▶ _How to complete this task_: A verbatim reprint of the records below is what this exercise asks for.
### Input data
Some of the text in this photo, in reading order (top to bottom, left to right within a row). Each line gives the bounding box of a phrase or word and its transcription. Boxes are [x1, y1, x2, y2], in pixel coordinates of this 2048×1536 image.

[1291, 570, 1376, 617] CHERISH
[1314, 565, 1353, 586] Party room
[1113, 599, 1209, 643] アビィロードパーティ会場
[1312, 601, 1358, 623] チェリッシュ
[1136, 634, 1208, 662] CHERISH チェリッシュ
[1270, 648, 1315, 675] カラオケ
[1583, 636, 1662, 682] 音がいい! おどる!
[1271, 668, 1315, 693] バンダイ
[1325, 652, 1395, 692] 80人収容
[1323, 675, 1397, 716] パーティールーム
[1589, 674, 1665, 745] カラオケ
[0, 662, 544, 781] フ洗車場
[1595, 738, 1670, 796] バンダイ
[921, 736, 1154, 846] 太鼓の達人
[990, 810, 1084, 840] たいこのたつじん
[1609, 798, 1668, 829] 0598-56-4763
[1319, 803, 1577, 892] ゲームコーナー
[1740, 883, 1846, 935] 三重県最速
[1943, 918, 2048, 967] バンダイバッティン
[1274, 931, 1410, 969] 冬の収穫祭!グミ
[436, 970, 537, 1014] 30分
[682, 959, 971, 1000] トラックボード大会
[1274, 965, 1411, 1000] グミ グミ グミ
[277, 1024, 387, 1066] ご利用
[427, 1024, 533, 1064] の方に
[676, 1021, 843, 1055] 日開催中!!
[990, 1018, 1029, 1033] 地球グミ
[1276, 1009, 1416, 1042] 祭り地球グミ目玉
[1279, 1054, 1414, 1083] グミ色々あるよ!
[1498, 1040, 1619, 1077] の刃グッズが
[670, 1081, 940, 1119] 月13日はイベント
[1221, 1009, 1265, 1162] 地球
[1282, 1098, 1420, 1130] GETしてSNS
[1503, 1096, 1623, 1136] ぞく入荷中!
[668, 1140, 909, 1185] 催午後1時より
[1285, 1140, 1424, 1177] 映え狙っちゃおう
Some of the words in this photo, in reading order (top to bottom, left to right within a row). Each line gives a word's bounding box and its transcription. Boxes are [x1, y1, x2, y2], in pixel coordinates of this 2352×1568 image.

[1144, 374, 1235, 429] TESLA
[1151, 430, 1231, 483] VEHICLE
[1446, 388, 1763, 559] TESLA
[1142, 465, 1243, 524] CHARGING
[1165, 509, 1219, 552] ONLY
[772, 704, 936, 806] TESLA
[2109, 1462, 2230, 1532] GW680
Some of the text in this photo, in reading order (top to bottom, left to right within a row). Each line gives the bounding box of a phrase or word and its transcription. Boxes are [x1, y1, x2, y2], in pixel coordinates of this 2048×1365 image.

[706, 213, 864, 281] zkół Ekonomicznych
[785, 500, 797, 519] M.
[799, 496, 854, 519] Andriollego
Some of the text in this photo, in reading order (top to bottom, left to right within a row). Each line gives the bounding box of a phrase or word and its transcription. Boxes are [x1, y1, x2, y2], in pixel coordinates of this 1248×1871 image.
######
▶ _Finished task_:
Some of the text in this photo, in reading order (top to bottom, left to right within a row). Each line gives the bounding box of a phrase or word and its transcription. Boxes are [x1, y1, x2, y2], in pixel coordinates of this 2048×1536 image.

[1291, 570, 1376, 617] CHERISH
[1314, 565, 1353, 586] Party room
[1113, 599, 1209, 643] アビィロードパーティ会場
[1312, 601, 1358, 623] チェリッシュ
[1136, 634, 1208, 662] CHERISH チェリッシュ
[1270, 648, 1315, 675] カラオケ
[1583, 636, 1662, 682] 音がいい! おどる!
[1271, 668, 1315, 693] バンダイ
[1325, 652, 1395, 692] 80人収容
[1323, 675, 1397, 716] パーティールーム
[1589, 674, 1665, 745] カラオケ
[0, 662, 544, 781] フ洗車場
[1595, 738, 1670, 796] バンダイ
[921, 736, 1154, 846] 太鼓の達人
[990, 810, 1084, 840] たいこのたつじん
[1609, 798, 1668, 829] 0598-56-4763
[1319, 803, 1577, 892] ゲームコーナー
[1740, 883, 1846, 935] 三重県最速
[1943, 918, 2048, 967] バンダイバッティン
[1274, 931, 1410, 969] 冬の収穫祭!グミ
[436, 970, 537, 1014] 30分
[682, 959, 971, 1000] トラックボード大会
[1274, 965, 1411, 1000] グミ グミ グミ
[277, 1024, 387, 1066] ご利用
[427, 1024, 533, 1064] の方に
[676, 1021, 843, 1055] 日開催中!!
[990, 1018, 1029, 1033] 地球グミ
[1276, 1009, 1416, 1042] 祭り地球グミ目玉
[1279, 1054, 1414, 1083] グミ色々あるよ!
[1498, 1040, 1619, 1077] の刃グッズが
[670, 1081, 940, 1119] 月13日はイベント
[1221, 1009, 1265, 1162] 地球
[1282, 1098, 1420, 1130] GETしてSNS
[1503, 1096, 1623, 1136] ぞく入荷中!
[668, 1140, 909, 1185] 催午後1時より
[1285, 1140, 1424, 1177] 映え狙っちゃおう
Some of the words in this photo, in reading order (top to bottom, left to right within a row). Each line gives a word's bounding box and its transcription. Boxes are [x1, y1, x2, y2], in pixel coordinates of this 2352×1568 image.

[1144, 374, 1235, 429] TESLA
[1151, 430, 1231, 483] VEHICLE
[1446, 388, 1763, 559] TESLA
[1142, 465, 1243, 524] CHARGING
[1165, 509, 1219, 552] ONLY
[772, 704, 936, 806] TESLA
[2109, 1462, 2230, 1532] GW680
Some of the text in this photo, in reading order (top to bottom, left to right within a row). Each line gives the bounding box of a phrase or word and its transcription. Boxes are [x1, y1, x2, y2], in pixel coordinates of this 2048×1365 image.

[706, 213, 864, 281] zkół Ekonomicznych
[785, 500, 797, 519] M.
[799, 496, 854, 519] Andriollego
Some of the text in this photo, in reading order (top to bottom, left to right within a row). Each line gives the bounding box of a phrase or word and its transcription. Boxes are [x1, y1, x2, y2], in pixel coordinates of this 1248×1871 image.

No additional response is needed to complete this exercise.